As a councillor I attended this event for the last five years but it is not just sour grapes at having fallen off the guest list that makes me call for the Council to save most of the £30,000 cost and do something cheaper this year when so much else is being cut.
The purpose of the ceremony is for the outgoing mayor, who is the official host, to hand over the baton to her successor. Both make a brief speech and there is usually a pleasant musical interlude from local performers. If this was all that happened then the Council’s recent claim that the Inauguration is a “determinedly non-political event” might have some merit. However probably the longest single item and certainly the longest speech is always an address from the Leader of the Council Chris Roberts.
Chris can be relied upon to give an upbeat survey of what is happening in the Borough, reasonably dignified and non-partisan but with an “aren’t we doing well” flavour and thus clearly political. Last year he greeted the change of Government with an assurance that there would be no 1980s style defiance or refusal to set a Council Tax while he was in charge - a welcome and sensible position in my view, but hardly non-political. His speeches belong in the Council Chamber where they can be challenged and not at a “determinedly non-political” function.
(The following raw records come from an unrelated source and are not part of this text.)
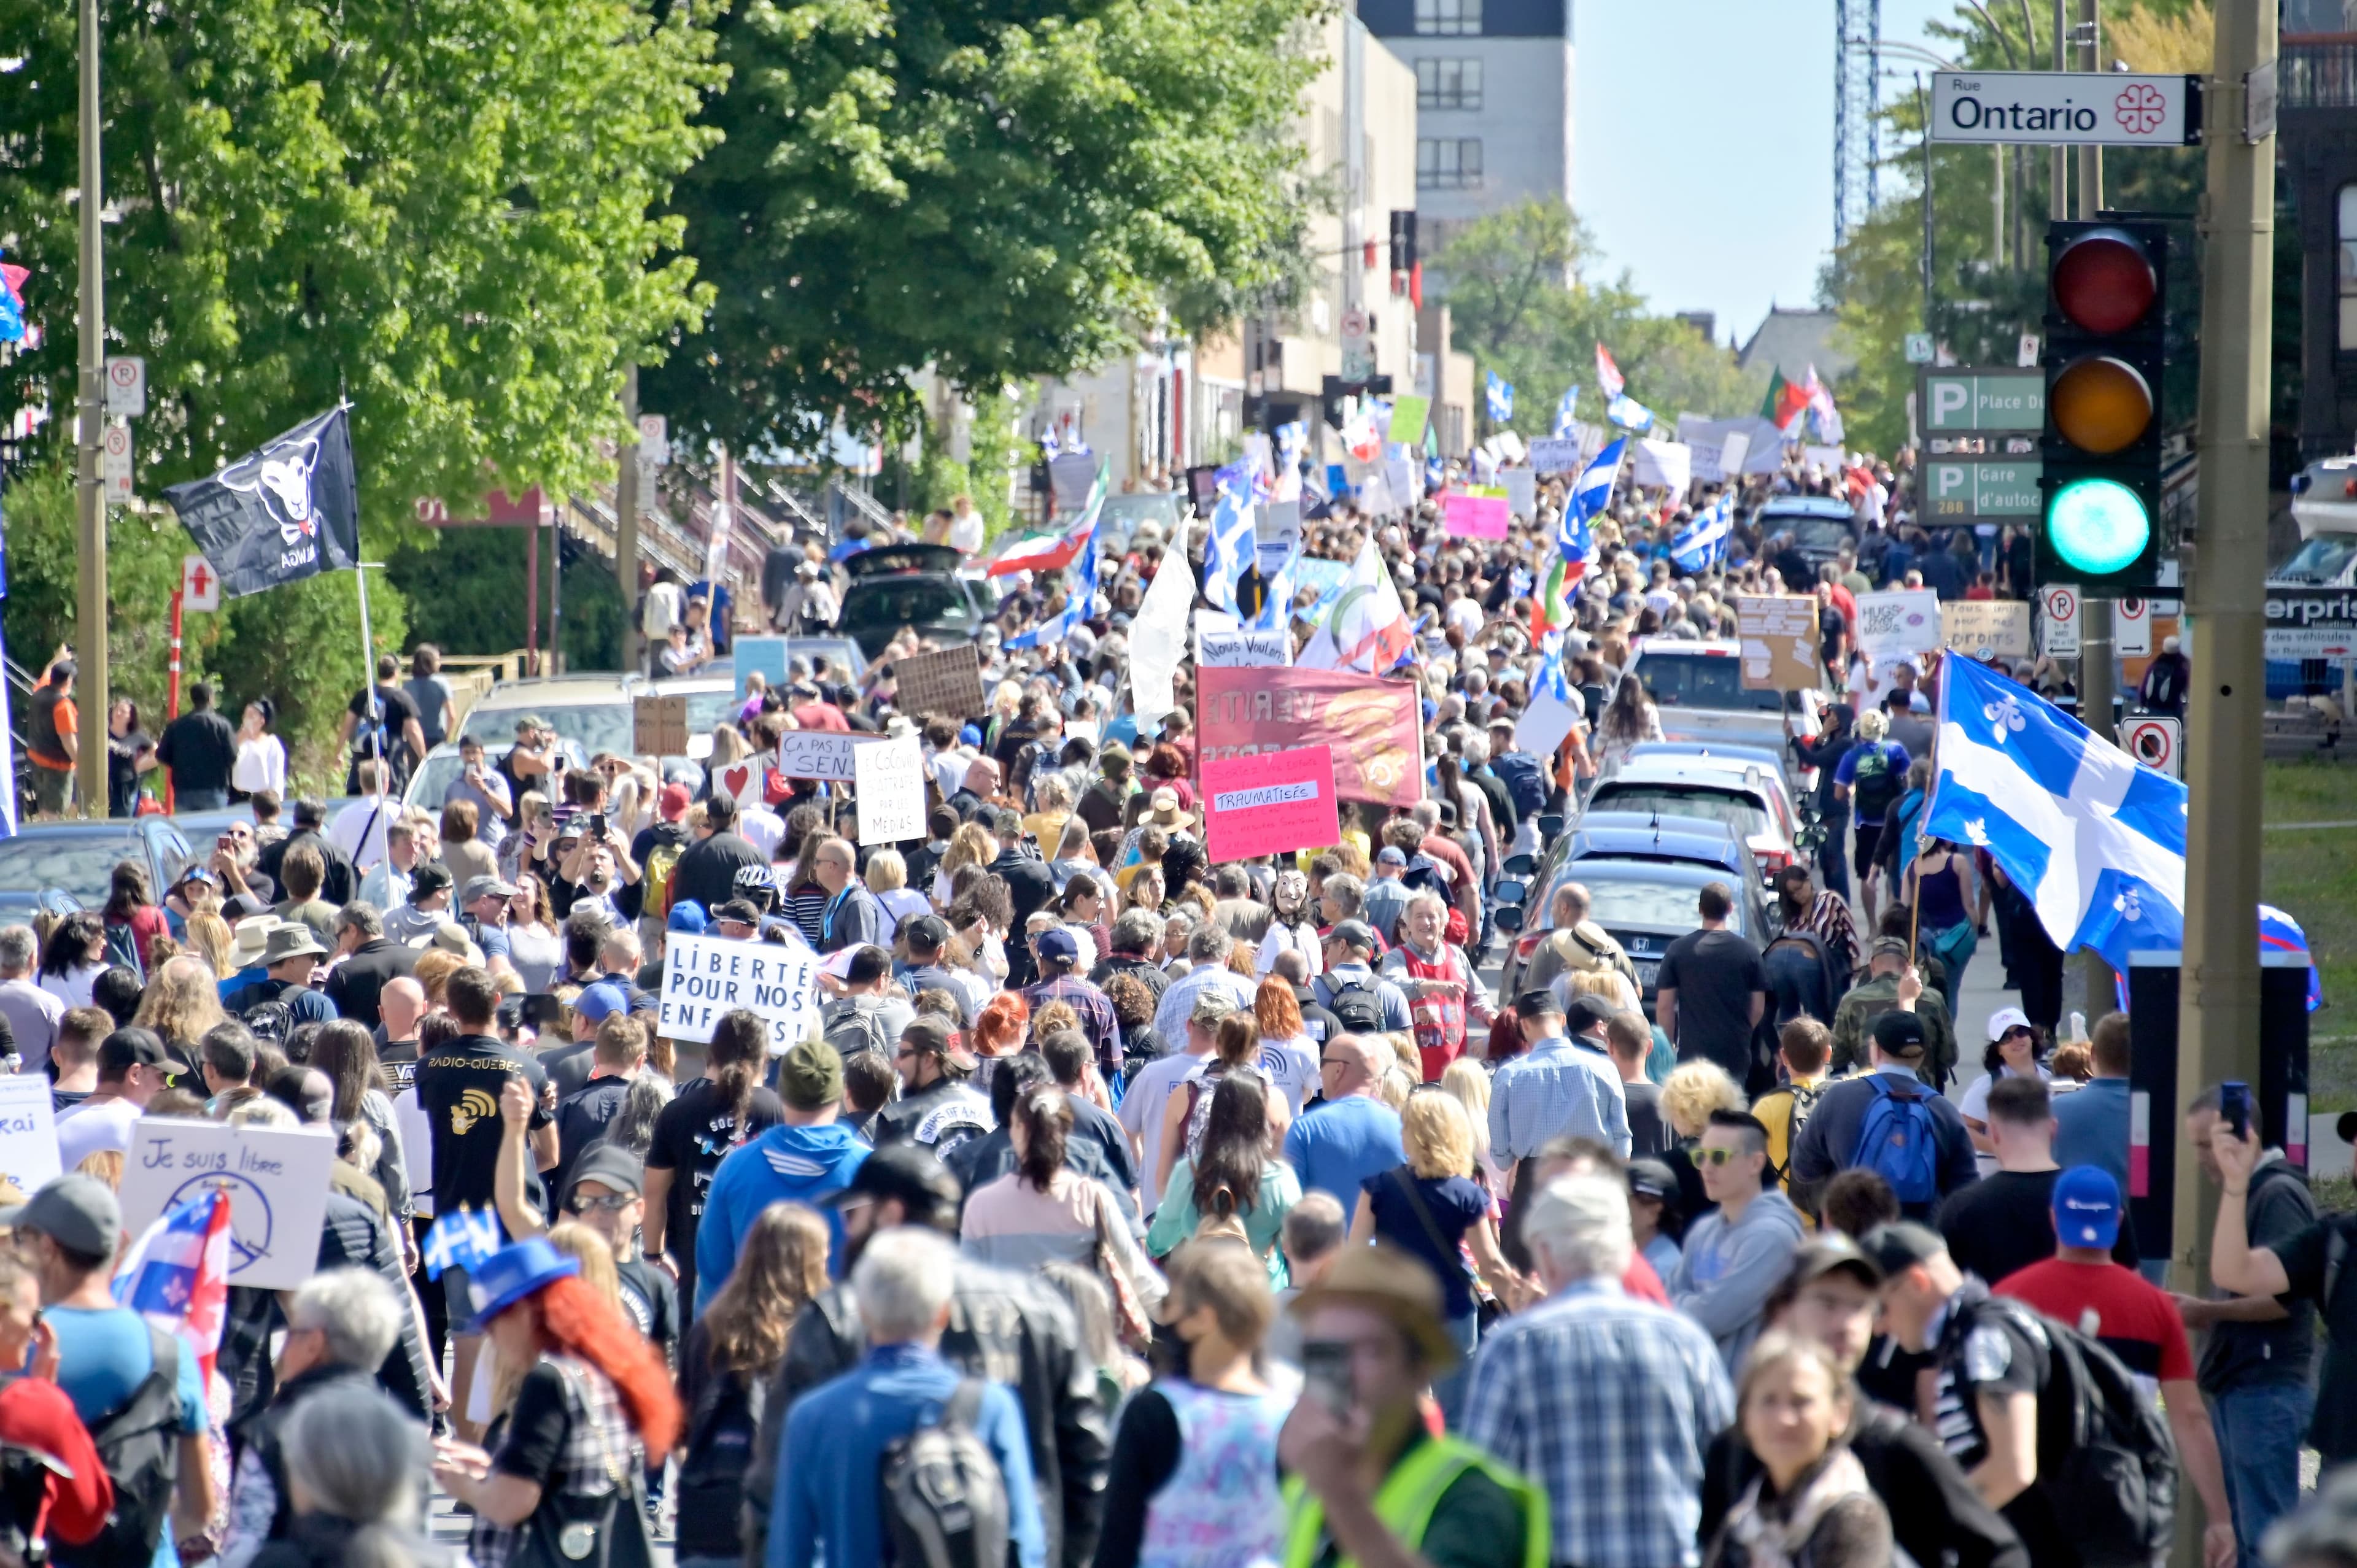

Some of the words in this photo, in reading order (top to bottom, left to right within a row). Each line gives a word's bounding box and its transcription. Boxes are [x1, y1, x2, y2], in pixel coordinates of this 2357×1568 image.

[1953, 79, 1981, 91] Rue
[1952, 96, 2097, 131] Ontario
[1934, 382, 1967, 425] P
[1980, 395, 2021, 409] Place
[1980, 469, 2015, 482] Gare
[1980, 492, 2042, 507] d'autoc
[1862, 604, 1900, 619] HUGS
[1202, 641, 1240, 662] Nous
[1245, 636, 1287, 664] Voulons
[811, 740, 832, 752] PAS
[1218, 785, 1309, 809] TRAUMATISÉS
[671, 973, 738, 1003] POUR
[755, 984, 803, 1012] NOS
[394, 1064, 416, 1080] VA
[709, 1117, 753, 1133] SOCL
[142, 1139, 174, 1169] Je
[183, 1151, 227, 1170] suis
The first time I attended in 2006 the two Opposition leaders also spoke but in subsequent years, for reasons never properly explained, they have not been allowed to do so. Naturally this led to some ill feeling among councillors and to a suspicion that Chris Roberts now genuinely believes himself to be above politics or that - to paraphrase Tony Blair - he considers the Labour Party to be the sole political arm of the Greenwich people.
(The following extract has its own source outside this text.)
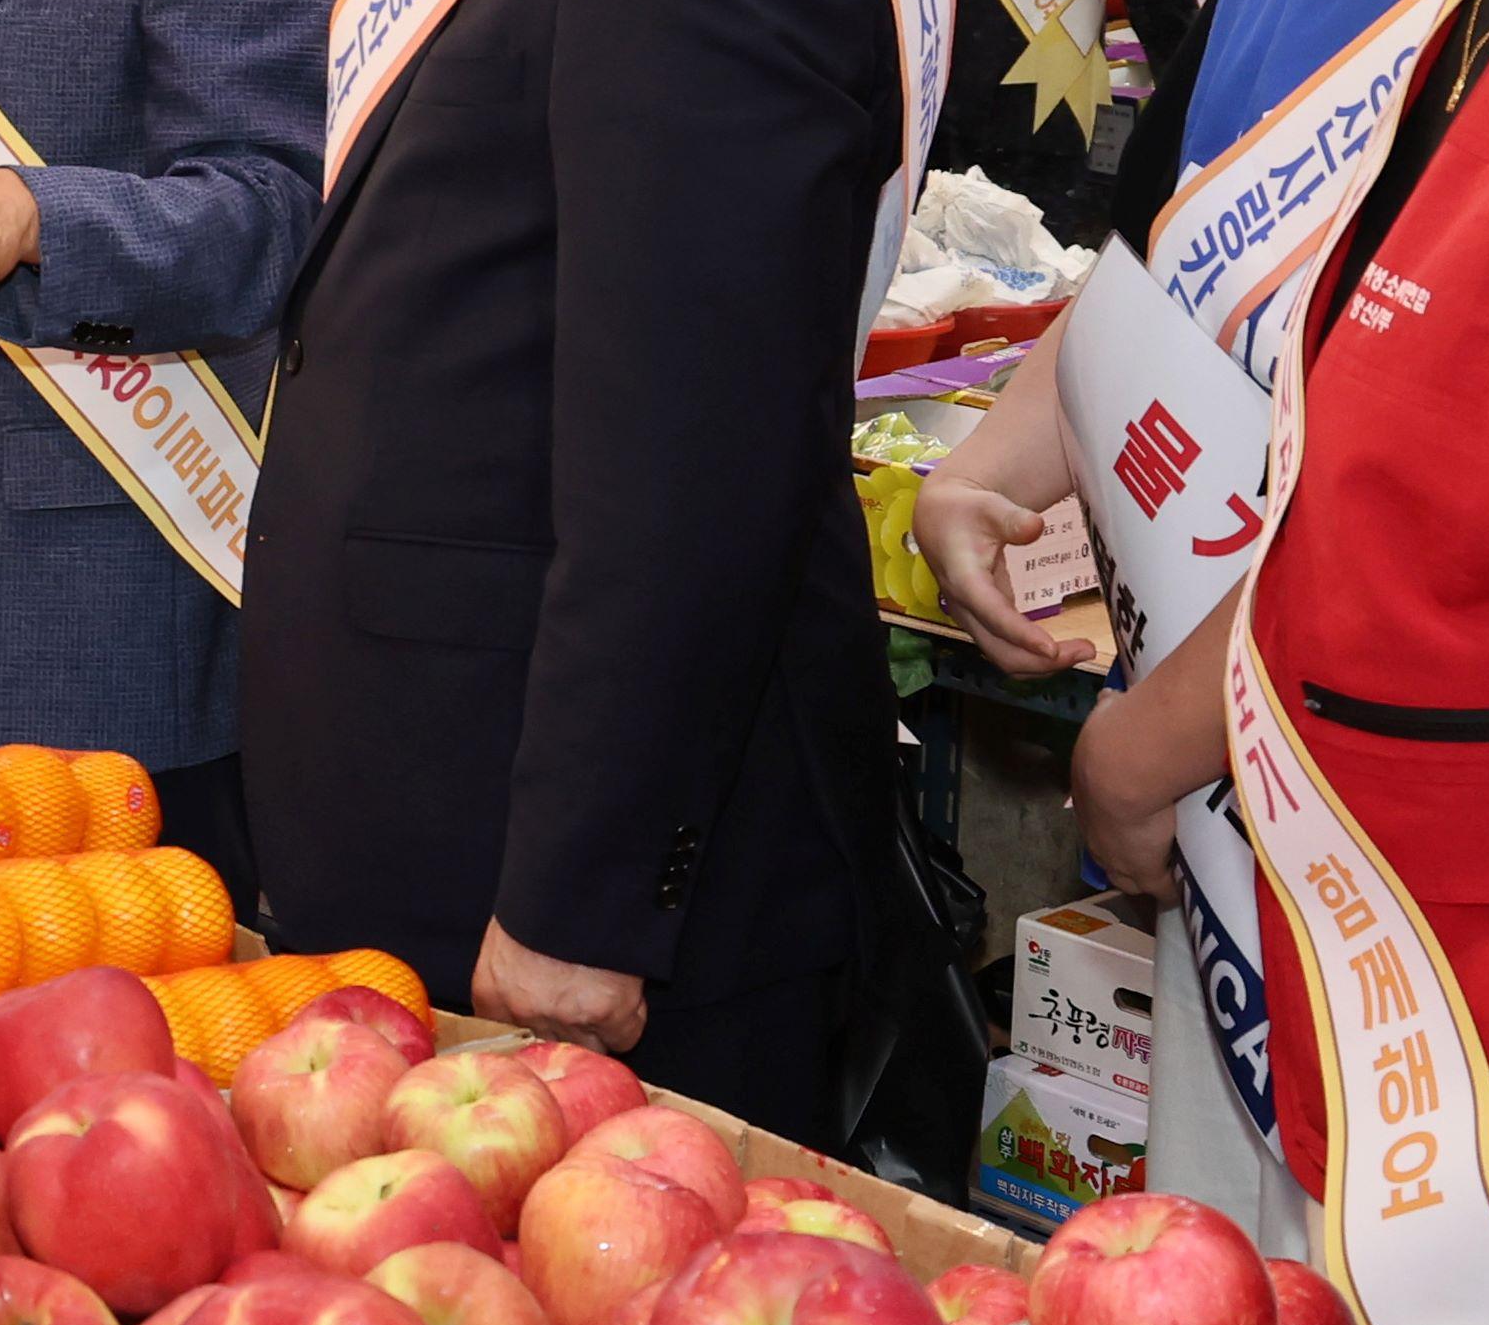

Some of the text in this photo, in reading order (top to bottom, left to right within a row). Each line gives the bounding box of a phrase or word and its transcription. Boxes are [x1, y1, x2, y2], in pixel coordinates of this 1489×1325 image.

[1028, 987, 1111, 1049] 추풍령
[1304, 852, 1444, 1220] 함께해요
[1000, 1128, 1012, 1159] 상주
[995, 1179, 1077, 1220] 백화자두작목
Greenwich Council has for example withdrawn support for the Blackheath fireworks, withdrawn its funding for Blackheath Halls and is threatening to close the zoo in Maryon Wilson Park. It may be that these are unpleasant necessities so that it can continue providing life and death services to vulnerable people. But they give pleasure to thousands whereas the invitation-only Painted Hall ceremony does not .
There are 40 Labour councillors - will any of them be brave enough to publicly speak out against this abomination?
Paul Webbewood is a former Liberal Democrat councillor.